[Opening Data section]

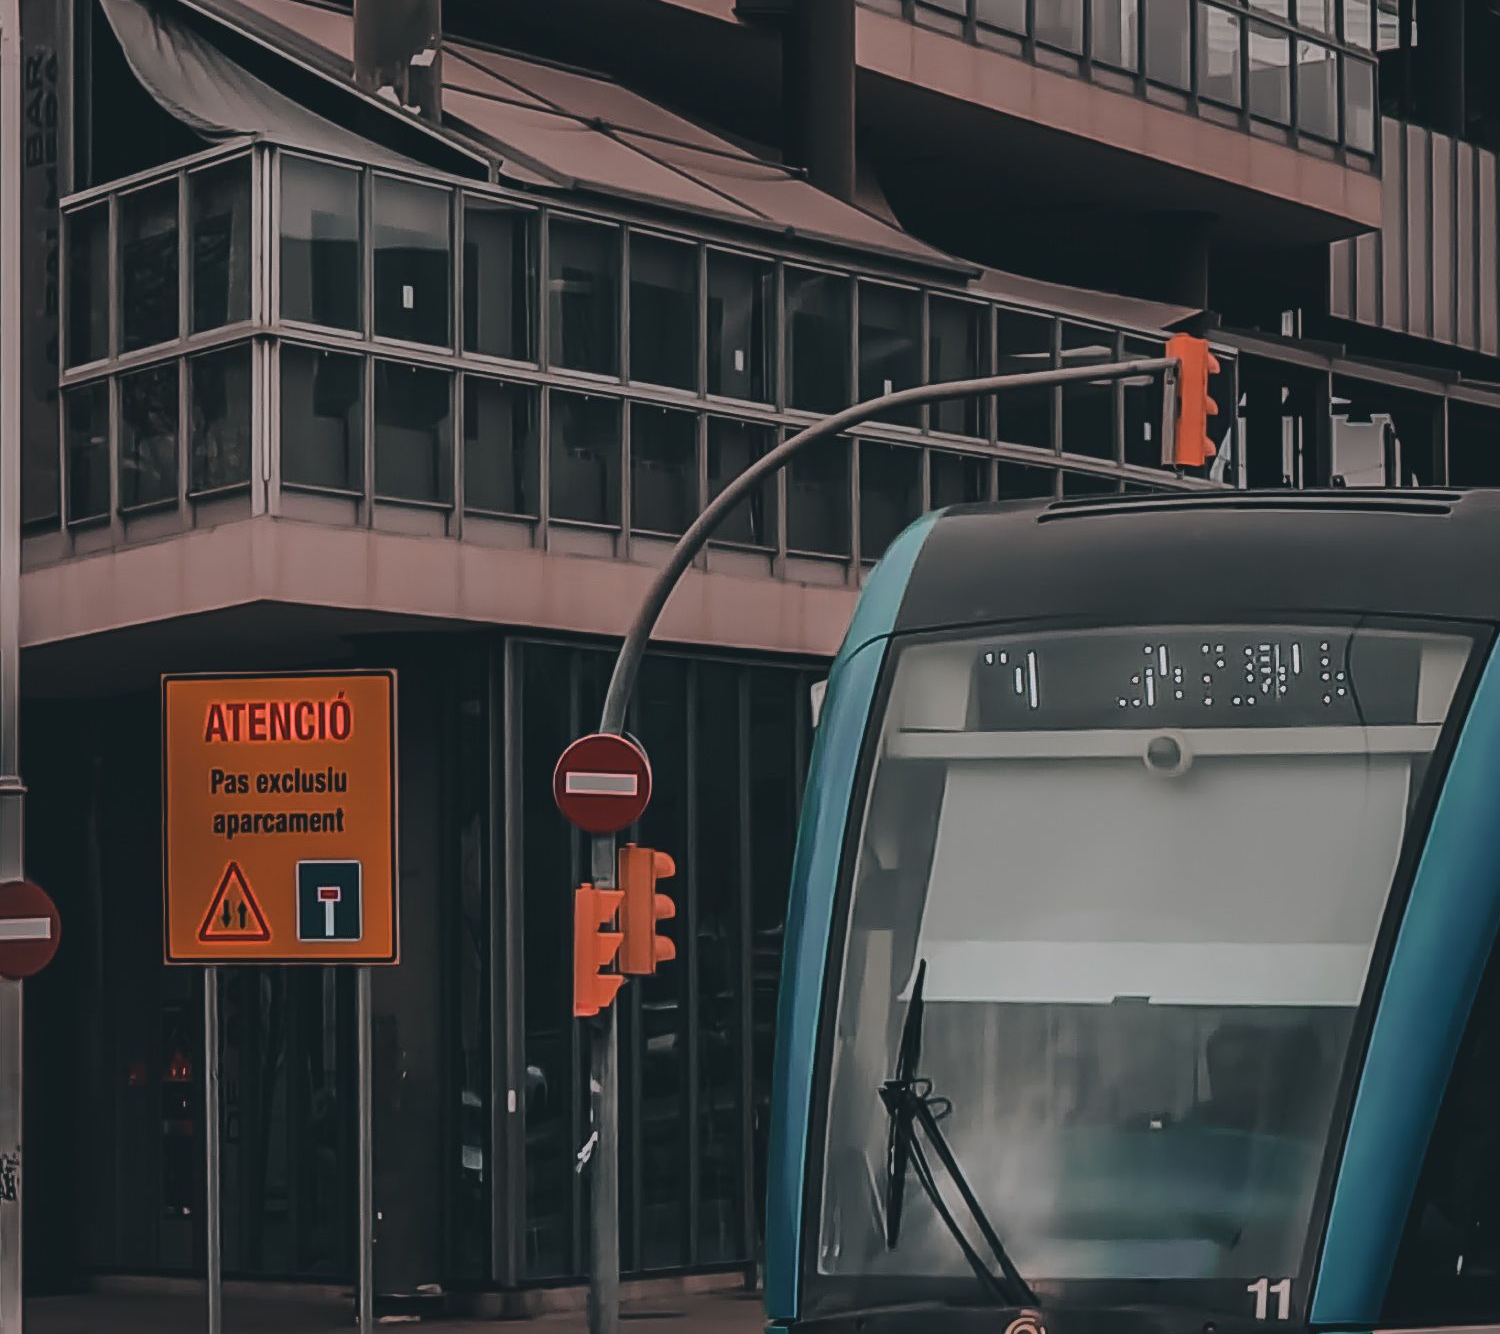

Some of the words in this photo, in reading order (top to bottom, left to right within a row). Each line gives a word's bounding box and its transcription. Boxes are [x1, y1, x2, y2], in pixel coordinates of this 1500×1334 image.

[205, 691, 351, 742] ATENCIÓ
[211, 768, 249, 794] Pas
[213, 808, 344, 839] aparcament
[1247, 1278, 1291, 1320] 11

[Closing Data section]

Write every line above again exactly, but leave the pictures out.

*Output for this exercise:*
Some of the words in this photo, in reading order (top to bottom, left to right within a row). Each line gives a word's bounding box and its transcription. Boxes are [x1, y1, x2, y2], in pixel coordinates of this 1500×1334 image.

[205, 691, 351, 742] ATENCIÓ
[211, 768, 249, 794] Pas
[213, 808, 344, 839] aparcament
[1247, 1278, 1291, 1320] 11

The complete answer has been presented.